Ein Toter ohne Alibi

Der schäbig gekleidete Mann stapfte durch die Seitengasse. Er steuerte die Mülltonnen hinter dem Restaurant in der Van Buren Street an. Hier wurde er meistens fündig, da viele erstklassige Essensreste in den Müll wanderten.

»He, Chuky?«

Die dunkle Männerstimme ließ ihn zusammenfahren. Aus der Dunkelheit schälte sich eine massige Gestalt, die ihm den Weg zu den Tonnen versperrte. Chuky wirbelte herum und rannte blindlings in das Messer. Der zweite Angreifer stach mehrfach zu. Als sein Opfer am Boden lag, beugte der Mörder sich über ihn.

»Das passiert allen, die mit den Feds plaudern«, höhnte er.

Im Besprechungsraum des Field Office von Nashville war jeder Stuhl besetzt. Eine gedrückte Stimmung lag über die Anwesenden, die sich aus Angehörigen der Staatsanwaltschaft, Detectives des Police Departement sowie Special Agent in Charge Calhan mit vier seiner Agents zusammensetzte.

Die grünen Augen der schönen Staatsanwältin forschten in den Gesichtern. Sasha Witlock saß neben dem Bezirksstaatsanwalt, dessen rundes Gesicht eine ungesunde rötliche Färbung aufwies.

Earl Manning kämpfte erkennbar darum, nicht die Leitung der Besprechung an sich zu reißen. Der drahtig gebaute Leiter des Field Office verströmte jedoch die Aura eines befehlsgewohnten Menschen, der sich seine Verantwortung nicht abnehmen ließ.

»Jeder von uns ist sich darüber im Klaren, dass wir mit einem gewaltigen Problem zu kämpfen haben«, sagte Calhan.

Zustimmendes Gemurmel wurde laut. Aus den Reihen der Detectives gingen eindeutige Blicke hinüber zu Special Agent Darkin, der sie jedoch ignorierte. Weder Witlock noch der Leiter des Field Office entgingen diese unausgesprochenen Vorwürfe, daher wandte SAC Calhan sich an die Vertreter des Nashville Police Departement.

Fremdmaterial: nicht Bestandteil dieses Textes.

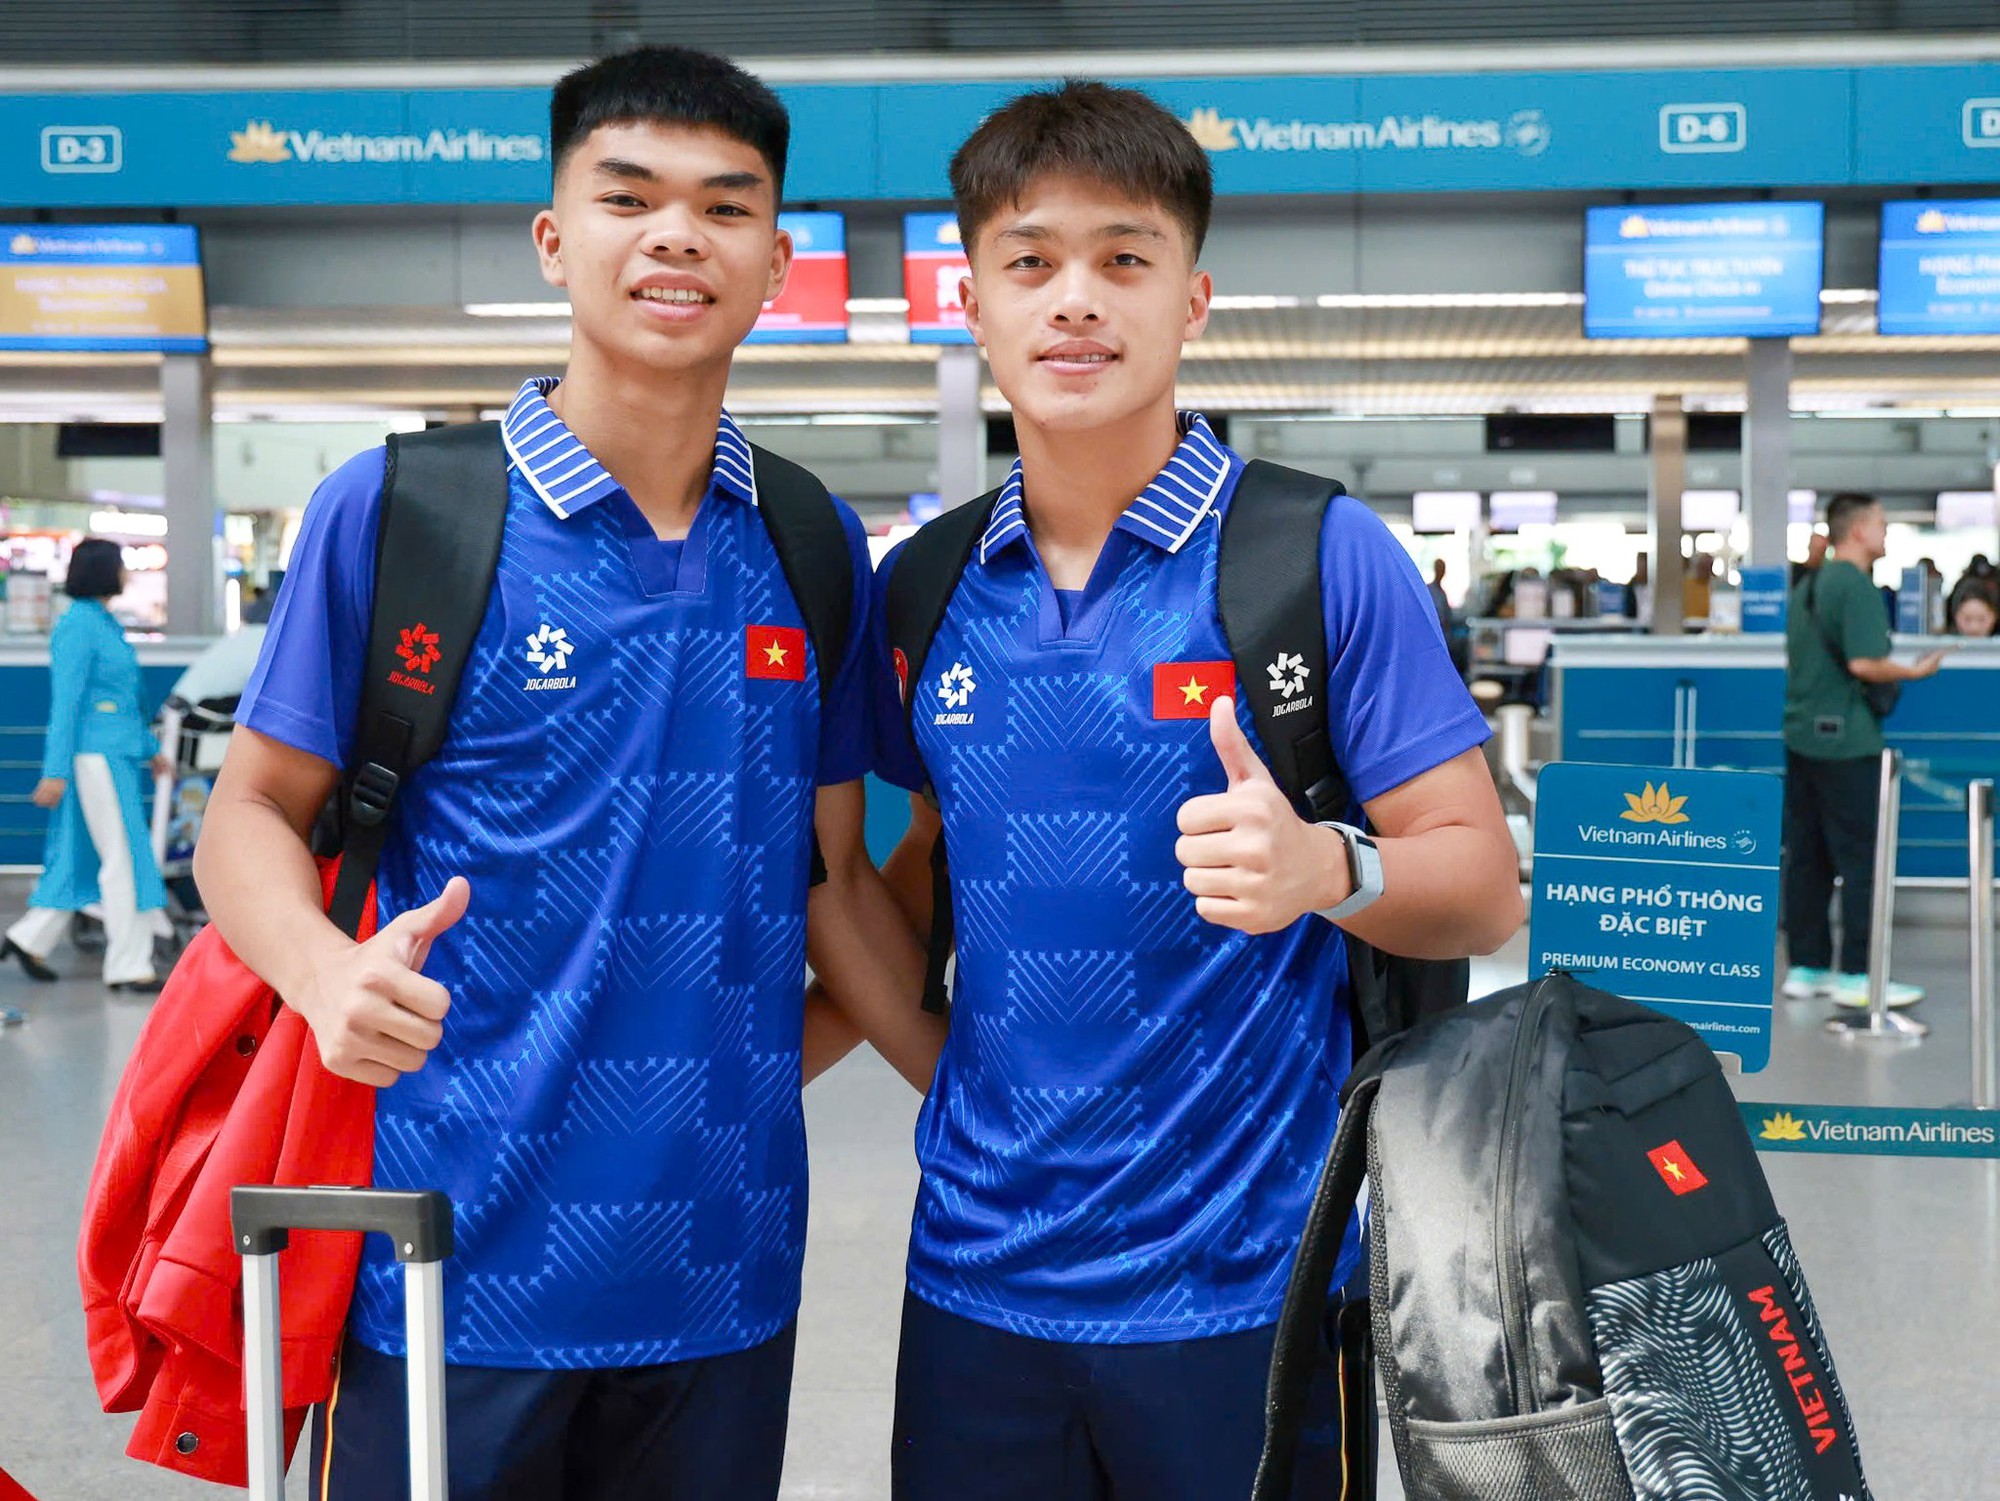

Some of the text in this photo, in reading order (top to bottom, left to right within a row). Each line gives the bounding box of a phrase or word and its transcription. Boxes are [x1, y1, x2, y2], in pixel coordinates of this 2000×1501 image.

[1236, 115, 1500, 150] Vietnam Airlines
[1677, 114, 1730, 143] D-6
[57, 136, 106, 163] D-3
[290, 128, 543, 162] Vietnam Airlines
[523, 676, 576, 691] JOGARBOLA
[933, 712, 974, 725] JOGARBOLA
[1272, 695, 1313, 717] JOGARBOLA
[1578, 825, 1727, 849] Vietnam Airlines
[1546, 883, 1763, 912] HẠNG PHỔ THÔNG
[1599, 912, 1707, 941] ĐẶC BIỆT
[1541, 952, 1761, 978] PREMIUM ECONOMY CLASS
[1807, 1120, 1995, 1143] Vietnam Airlines
[1747, 1285, 1837, 1455] VIETNAM
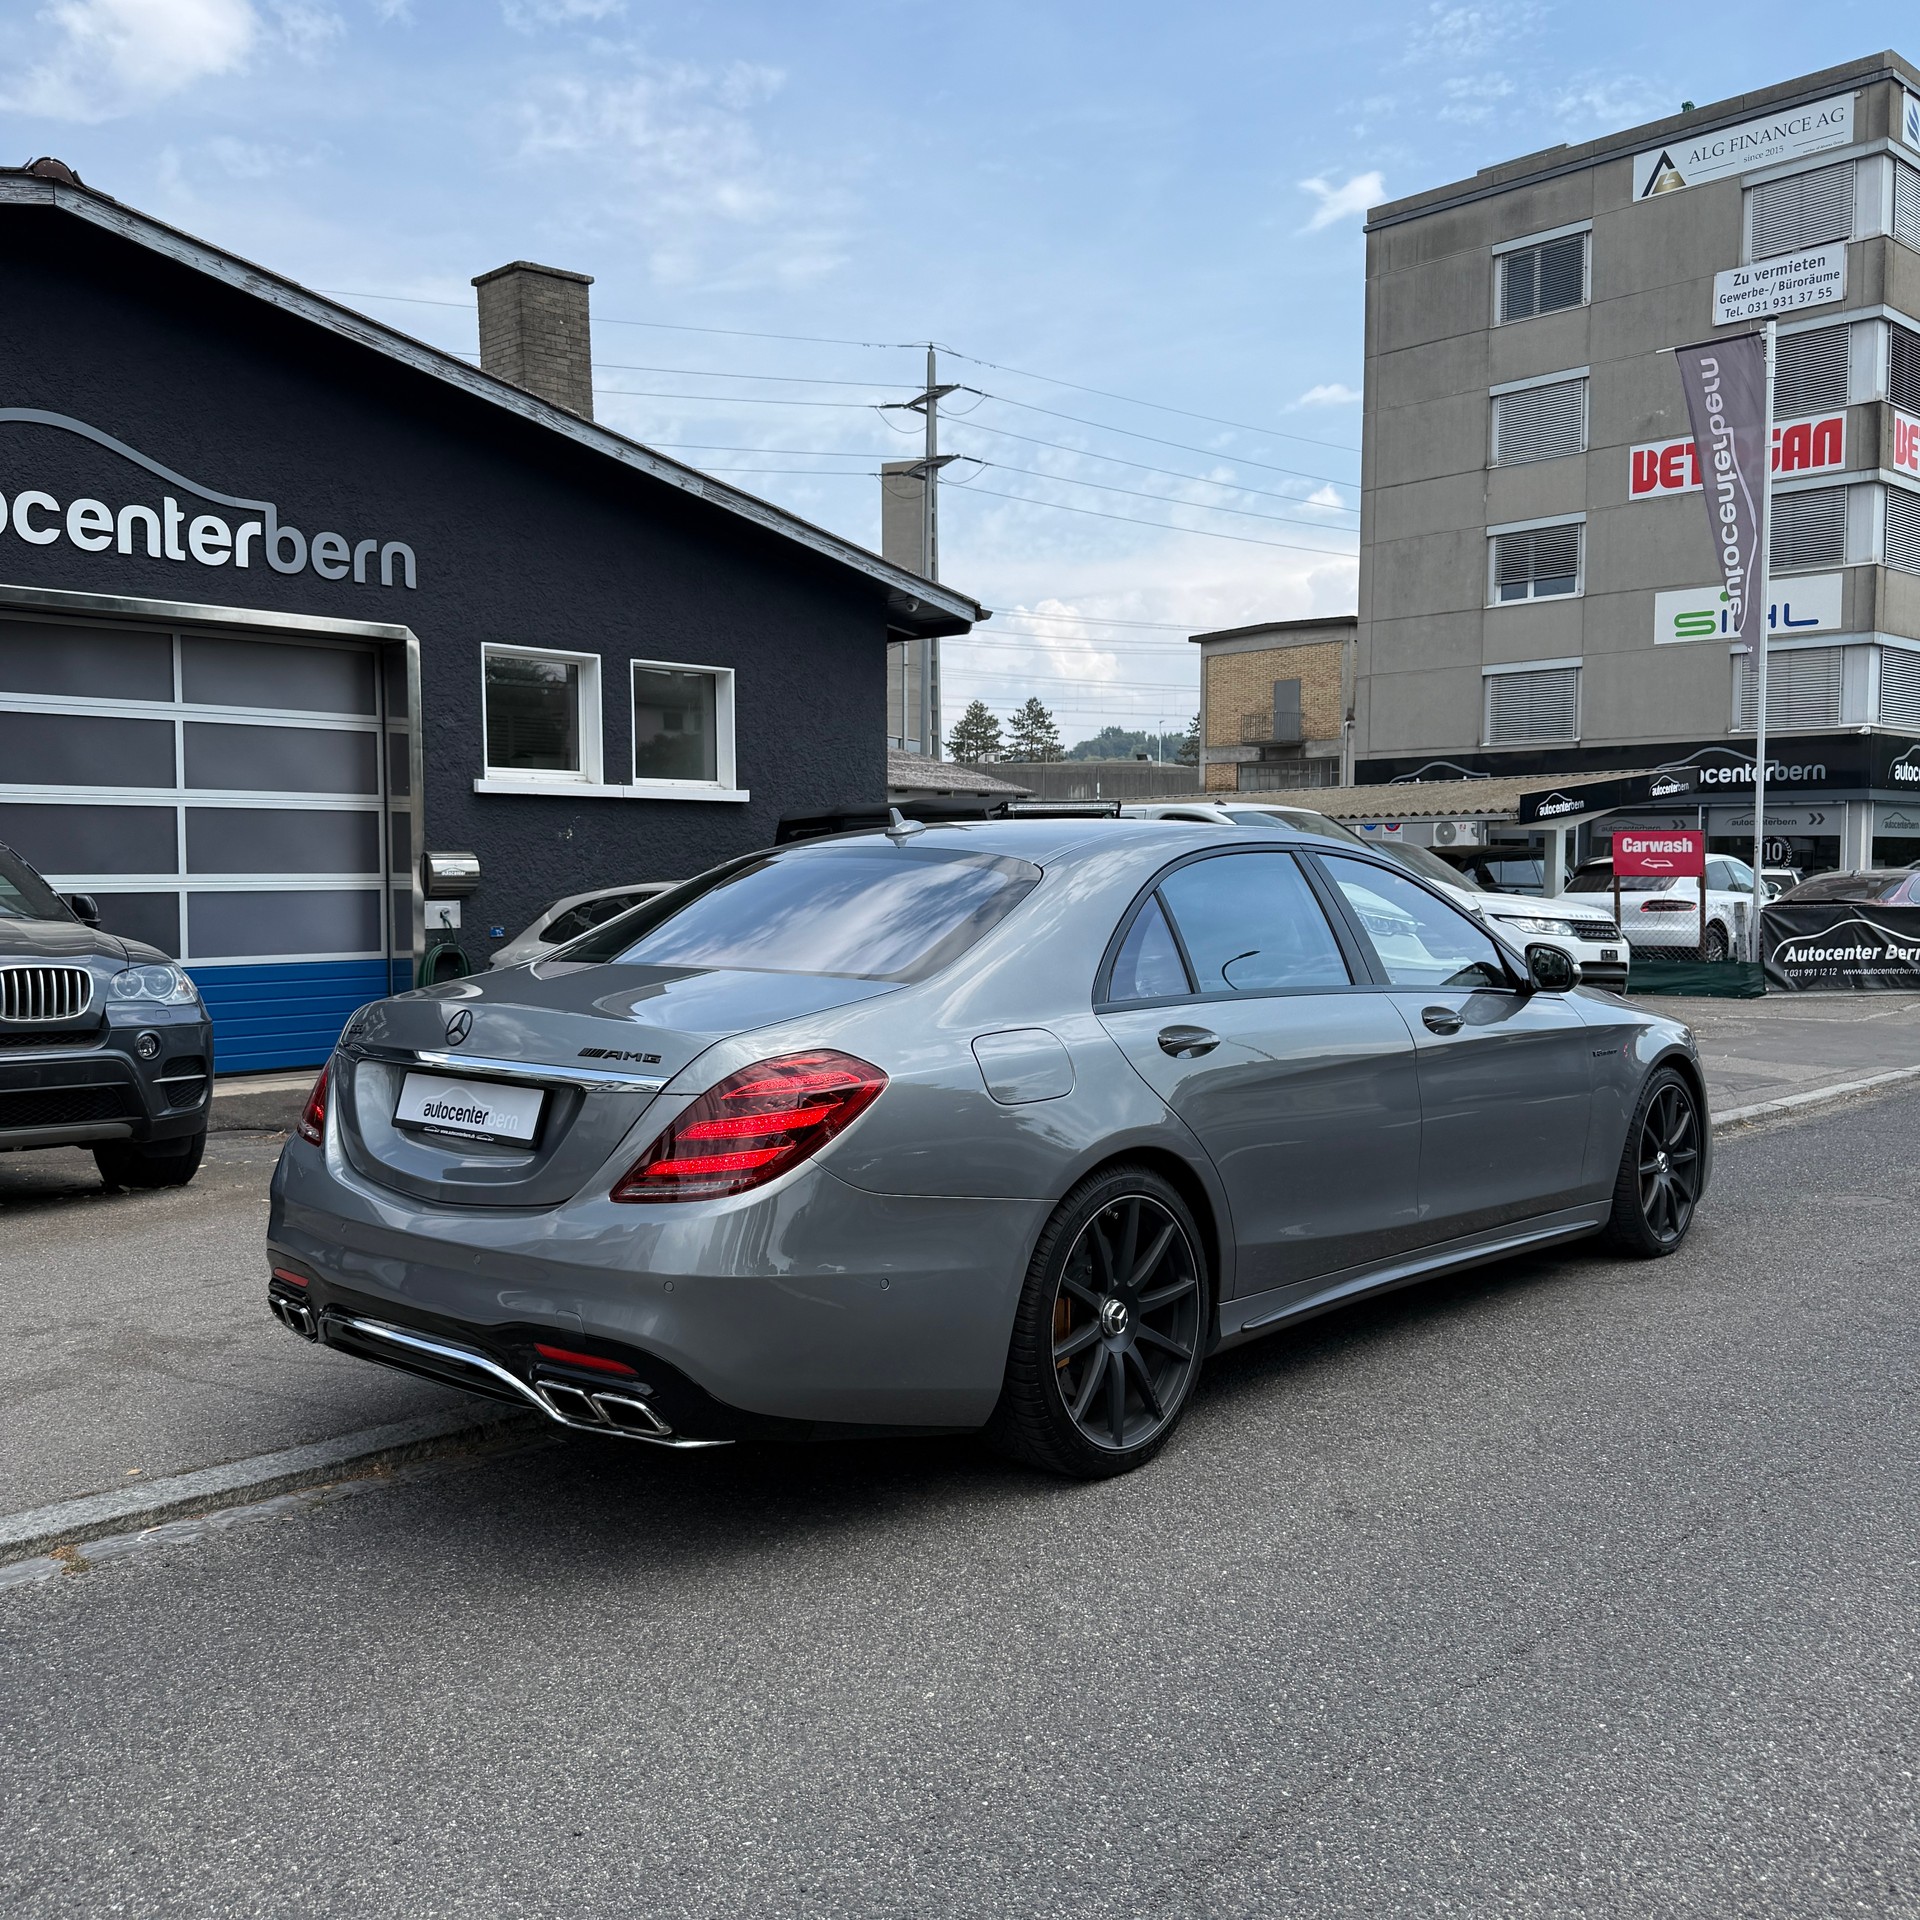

»Unbewiesene Anschuldigungen helfen nur den Gangstern und behindern unsere Ermittlungen«, stellte er klar.

Während Calhan die Detectives ermahnte, schaute Sasha Witlock zu Agent Darkin. Als Jugendlicher hatte er einer Gang angehört und war ein enger Vertrauter des jetzigen Gangsterbosses Ethan Miller gewesen. Doch ihre Wege hatten sich getrennt.

Darkin schlug den Weg zur Polizei ein und entwickelte sich zu einem ausgezeichneten Detective, bevor er vor einigen Jahren zum FBI wechselte. Doch viele ehemalige Kollegen des Nashville PD bezweifelten Darkins Zuverlässigkeit angesichts seiner Vergangenheit.

Die vielen Rückschläge der zurückliegenden Monate bei gemeinsamen Operationen gegen das organisierte Verbrechen ließen diese Vorbehalte mittlerweile immer offener zuutage treten.

»Dennoch müssen wir den Tatsachen ins Auge sehen. Es gibt einen Verräter, der unsere Ermittlungen regelmäßig an Miller und seine Konkurrenten verrät«, sagte der Bezirksstaatsanwalt.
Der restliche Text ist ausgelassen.